12 melalui pembelian bahan mentah bersama sehingga bisa mendapatkan diskon besar, 4) Memperkuat hubungan sosial dan hubungan informal lainnya yang dapat menumbuhkan penciptaan ide dan bisnis baru, 5) Memperbaiki arus informasi dalam klaster, misalnya memungkinkan penyedia finansial (perbankan) dalam menentukan pengusaha yang layak pinjam, dan bagi pelaku bisnis untuk mencari penyedia jasa yang baik, dan 6) Membangun infrastruktur profesional, legal, finansial dan jasa spesialis lain (Bappenas, 2005). Salah satu strategi peningkatan daya saing industri bioenergi yang mulai dijalankan saat ini adalah pengembangan kawasan klaster industri.
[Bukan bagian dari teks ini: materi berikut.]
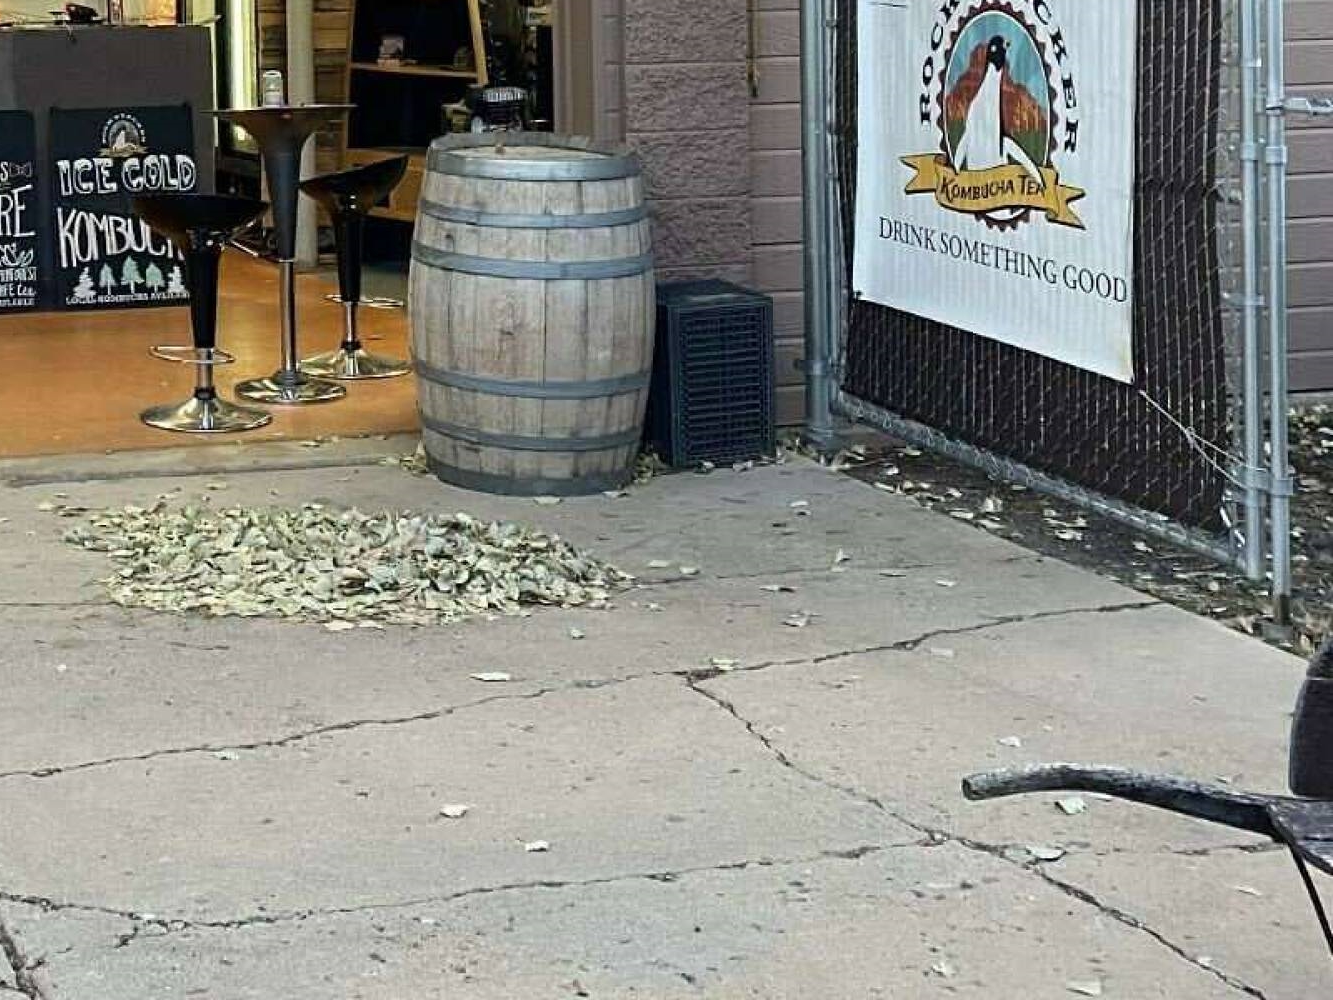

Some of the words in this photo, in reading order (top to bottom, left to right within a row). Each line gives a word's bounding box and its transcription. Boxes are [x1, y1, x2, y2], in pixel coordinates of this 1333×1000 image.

[57, 158, 118, 196] ICE
[122, 154, 196, 192] COLD
[940, 175, 1015, 203] KOMBUCHA
[56, 207, 185, 268] KOMBUC
[879, 216, 939, 252] DRINK
[940, 232, 1058, 285] SOMETHING
[1062, 264, 1127, 302] GOOD
Pemerintah melalui Peraturan Nomor 24 Tahun 2009 menegaskan bahwa, pembangunan kawasan industri bertujuan untuk mengendalikan pemanfaatan ruang wilayah dan sekaligus meningkatkan daya saing industri dan investasi serta memberikan kepastian lokasi dalam perencanaan dan pembangunan infrastruktur yang terkoordinasi antar sektor (Tambunan, 2013). Melalui pengembangan klaster industri, pada suatu kawasan tertentu, diharapkan pula akan mengurangi biaya transportasi dan transaksi, terjadinya peningkatan efisiensi, penciptaan aset secara kolektif, serta mendorong terciptanya inovasi (Hambali E, 2005).